I n principle, I don’t object to federal same-sex marriage legislation. I could not object more intensely, however, to the federal “Respect for Marriage Act” that Congress is about to enact.

If the legislation were merely about the merits of shoring up a federal entitlement to same-sex marriage through the appropriate route of federal legislation, I would lay my philosophical reservations aside. In the name of domestic tranquility regarding an issue on which my opposition is ambivalent while the pro-side is invested and passionate, I would accede. Alas, the legislation is not about enabling same-sex marriage. It is about extorting the progressive version of virtue, with emphasis on extortion.

It is just mind-boggling that a dozen Senate Republicans and 47 House GOP members could support, not same-sex marriage, but a progressive jihad to use the arduous legal process as a weapon against religious liberty. As the now-familiar saying goes, that’s how you end up with Trump . . . and how you consequently end up with a pink trickle when you were expecting a red wave.

Stipulated: I adhere to the traditional understanding of marriage, which is well explained in our editorial from earlier this week. To me, it is not a slight against gay people to observe that they do not fit this definition, no more than it would somehow be a slight to me that I can’t be a mother. Yes, I’m a good parent and love my children very much like my mother loves me; but I can never love them the same way my mother loves me because I’m not their mother and, for deeply human reasons that only begin with biology, it is a different kind of bond. My inclination is to celebrate the wonders of the natural order; where it excludes me, I have to try to understand why, not resent it.

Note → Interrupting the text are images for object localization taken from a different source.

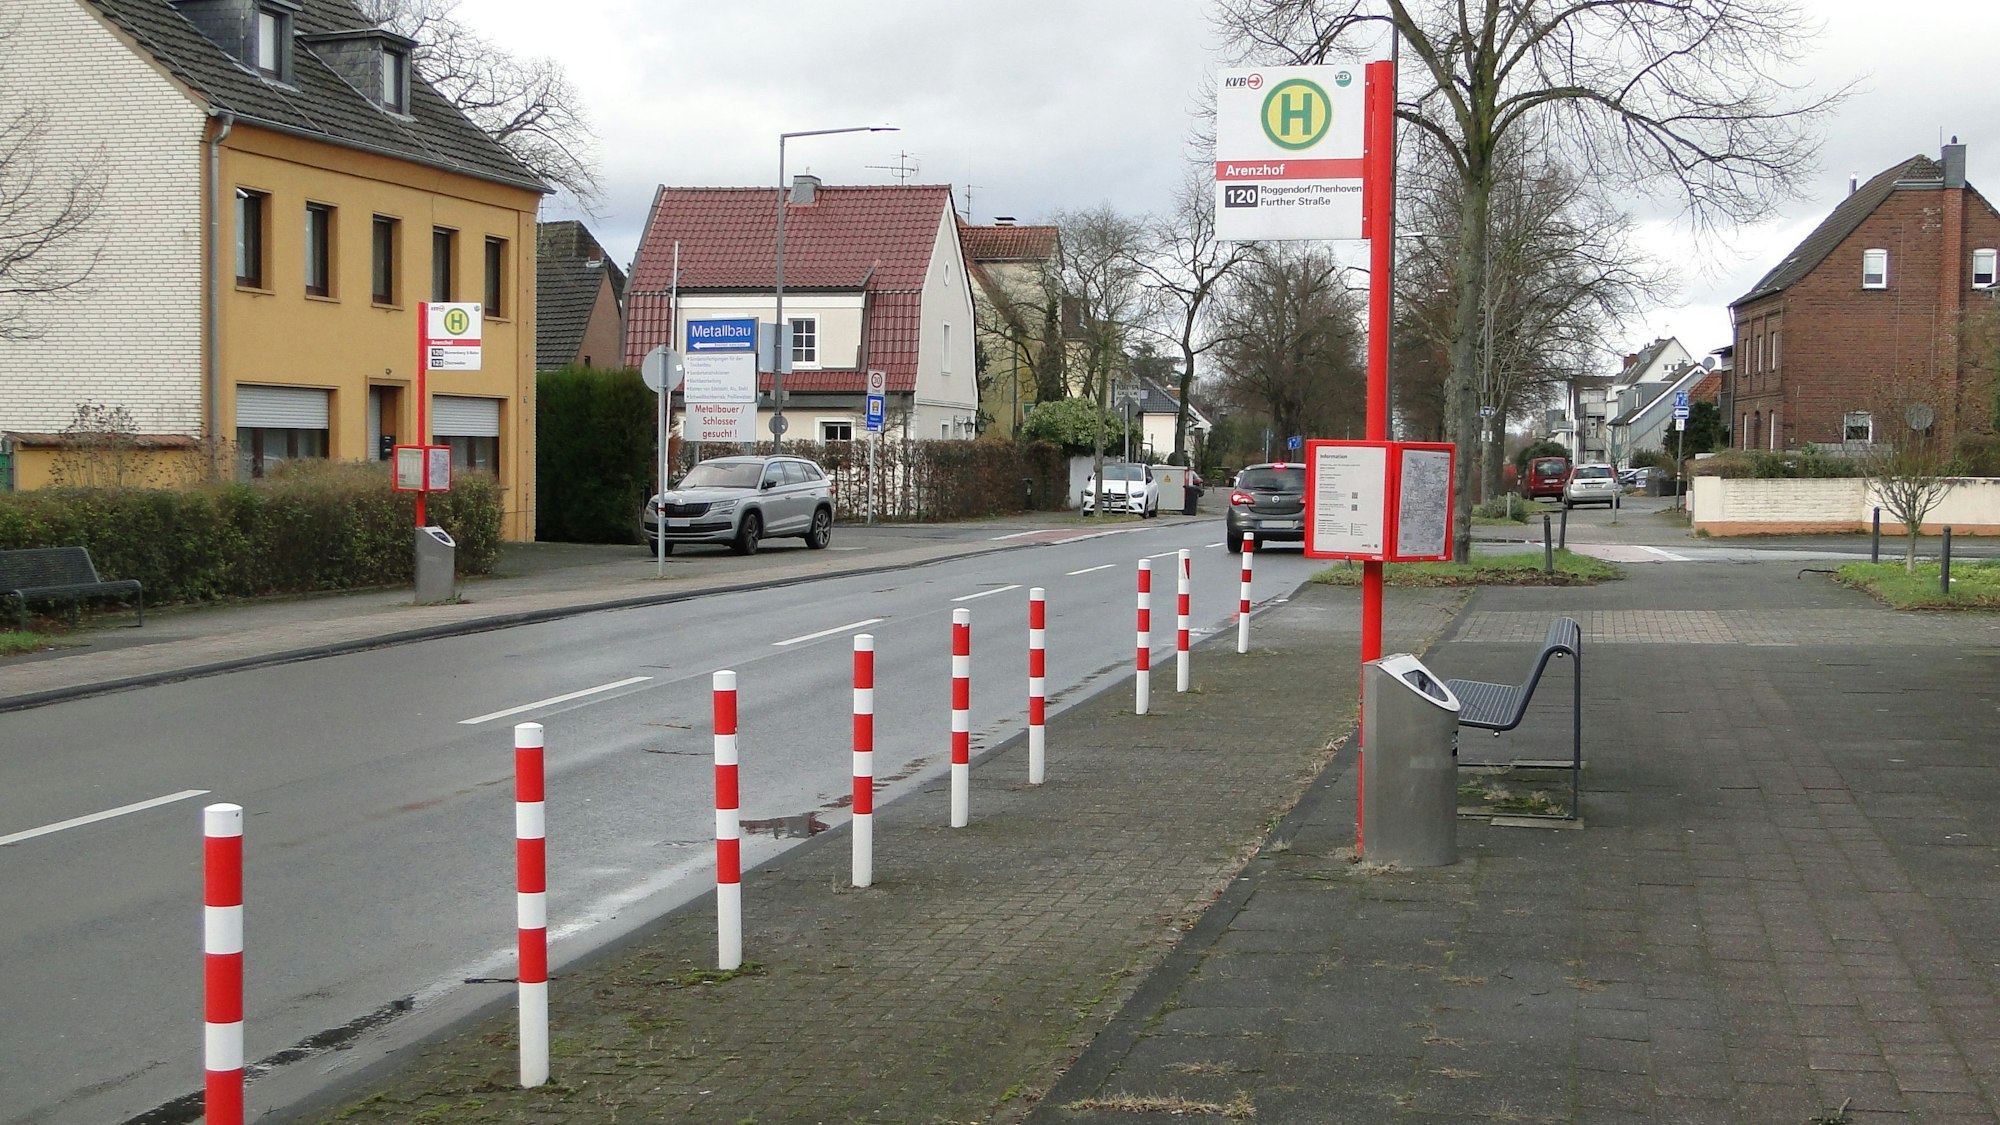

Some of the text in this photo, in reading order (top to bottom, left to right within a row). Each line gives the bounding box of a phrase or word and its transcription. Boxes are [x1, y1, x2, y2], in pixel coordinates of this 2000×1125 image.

[1225, 77, 1247, 87] KVB
[1281, 93, 1313, 136] H
[1225, 163, 1286, 177] Arenzhof
[1260, 184, 1363, 196] Roggendorf/Thenhoven
[1227, 189, 1257, 204] 120
[1260, 196, 1331, 206] Further Straße
[451, 313, 463, 330] H
[692, 324, 751, 338] Metallbau
[694, 404, 746, 414] Metallbauer /
[702, 416, 737, 426] Schlosser
[702, 428, 733, 440] gesucht
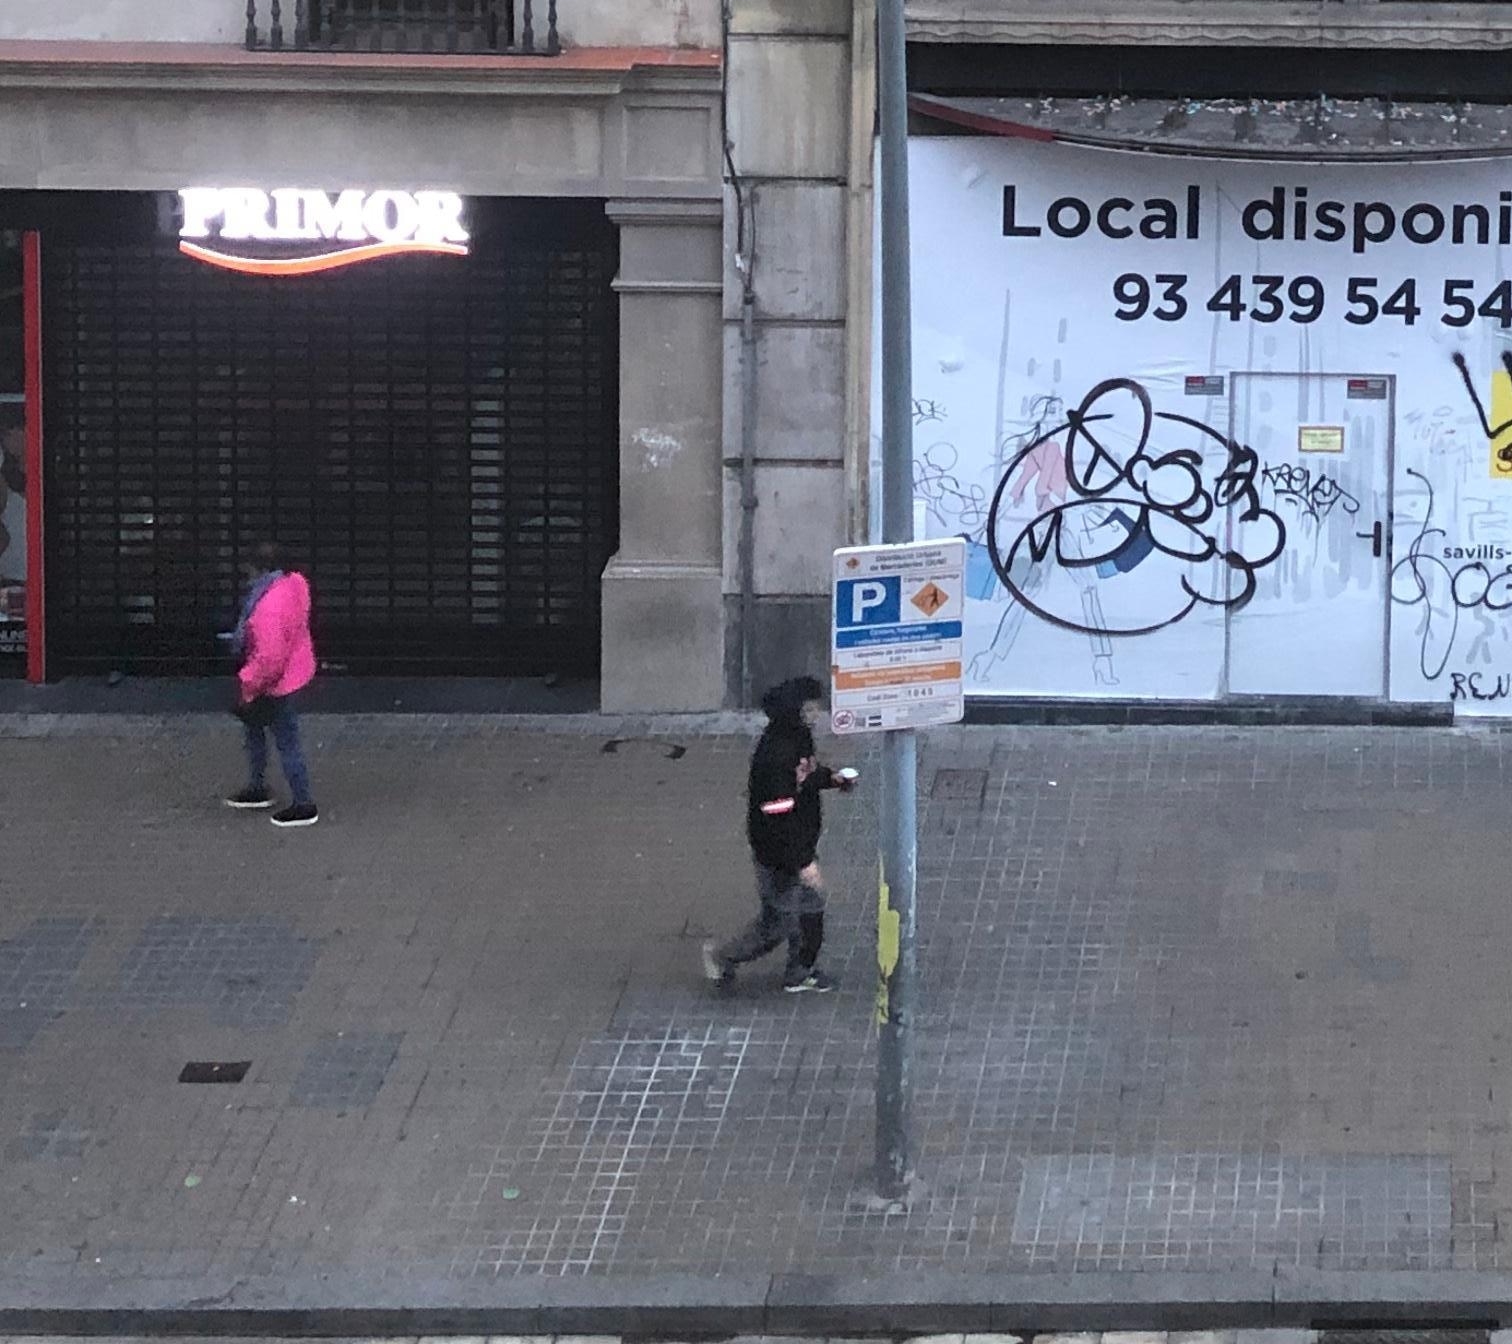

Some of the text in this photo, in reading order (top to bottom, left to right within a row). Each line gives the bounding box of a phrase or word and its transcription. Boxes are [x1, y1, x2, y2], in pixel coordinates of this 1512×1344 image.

[178, 187, 469, 242] PRIMOR
[1002, 184, 1201, 240] Local
[1112, 273, 1189, 324] 93
[1205, 274, 1326, 326] 439
[1343, 277, 1421, 326] 54
[852, 582, 887, 623] P
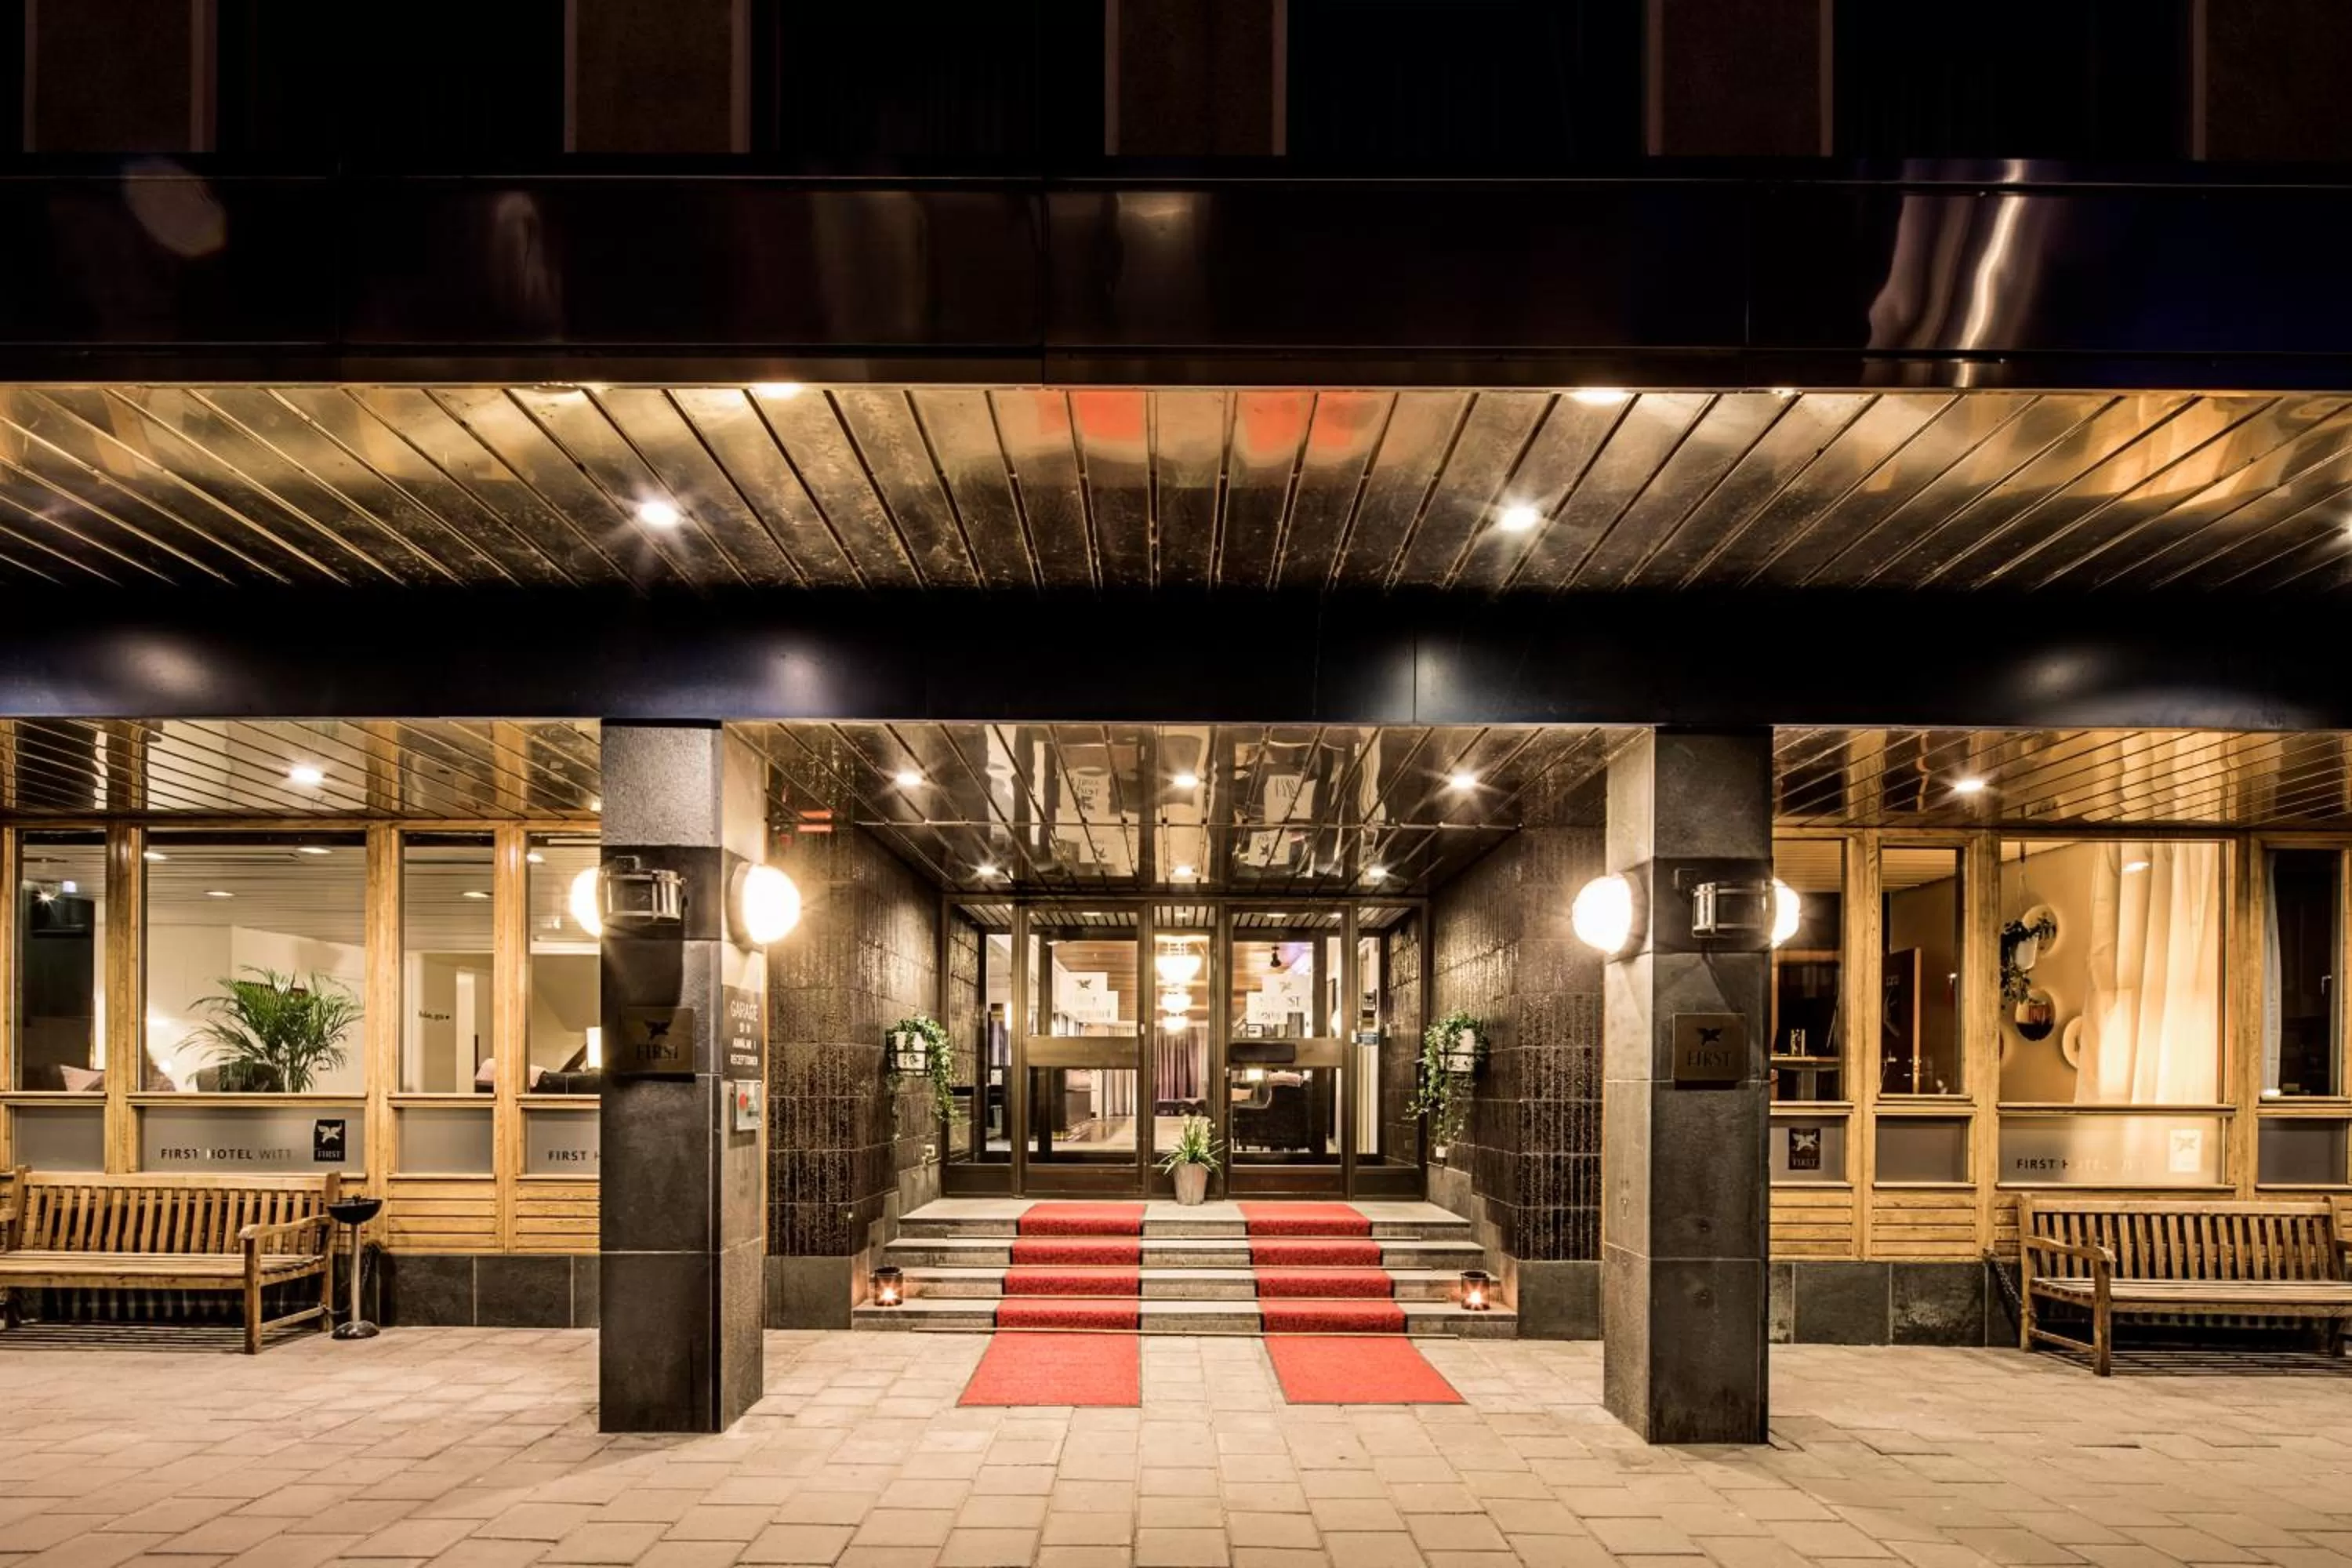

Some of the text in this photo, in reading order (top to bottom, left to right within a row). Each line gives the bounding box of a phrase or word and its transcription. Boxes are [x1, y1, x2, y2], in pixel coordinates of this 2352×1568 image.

[730, 1000, 758, 1022] GARAGE
[1688, 1051, 1731, 1067] FIRST
[161, 1149, 199, 1160] FIRST
[318, 1150, 342, 1159] FIRST
[548, 1150, 586, 1161] FIRST
[2016, 1158, 2055, 1170] FIRST

Then there is the matter of language. I’ve construed “same-sex marriage” to be one of those many terms — e.g., “biological sex,” or “choice” in lieu of “abortion” — by which progressives seek to erode our traditions and our understanding of the natural order. My default position has been to reject such terms and the novel arrangements they portend. But for reasons I’ll come to shortly, I think on “same-sex marriage,” I’ve been too doctrinaire.

To be sure, I am never going to be convinced that a same-sex relationship — even a loving, committed, monogamous one — constitutes marriage as it has been properly understood for millennia. But I could be wrong. More to the point, in a tolerant, pluralistic society, it shouldn’t matter if I’m wrong. There is obviously a set of mutual benefits and obligations, commonly thought of as attendments of marriage. If the people’s elected representatives statutorily put committed gay couples on a legal par with married heterosexual couples when it comes to those benefits and obligations, I could be content with its doing so under the rubric of marriage. After all, I support ensuring that committed gay couples have these legal benefits and obligations. Sure, I’d prefer that they were granted under the heading of domestic partnership rather than marriage. But what it’s called is not that important to me; by contrast, gay couples, my fellow citizens, passionately desire to be recognized by law as married. Deferring to them does not harm me as long as I remain free to hold and express any religious or philosophical reservations I may have.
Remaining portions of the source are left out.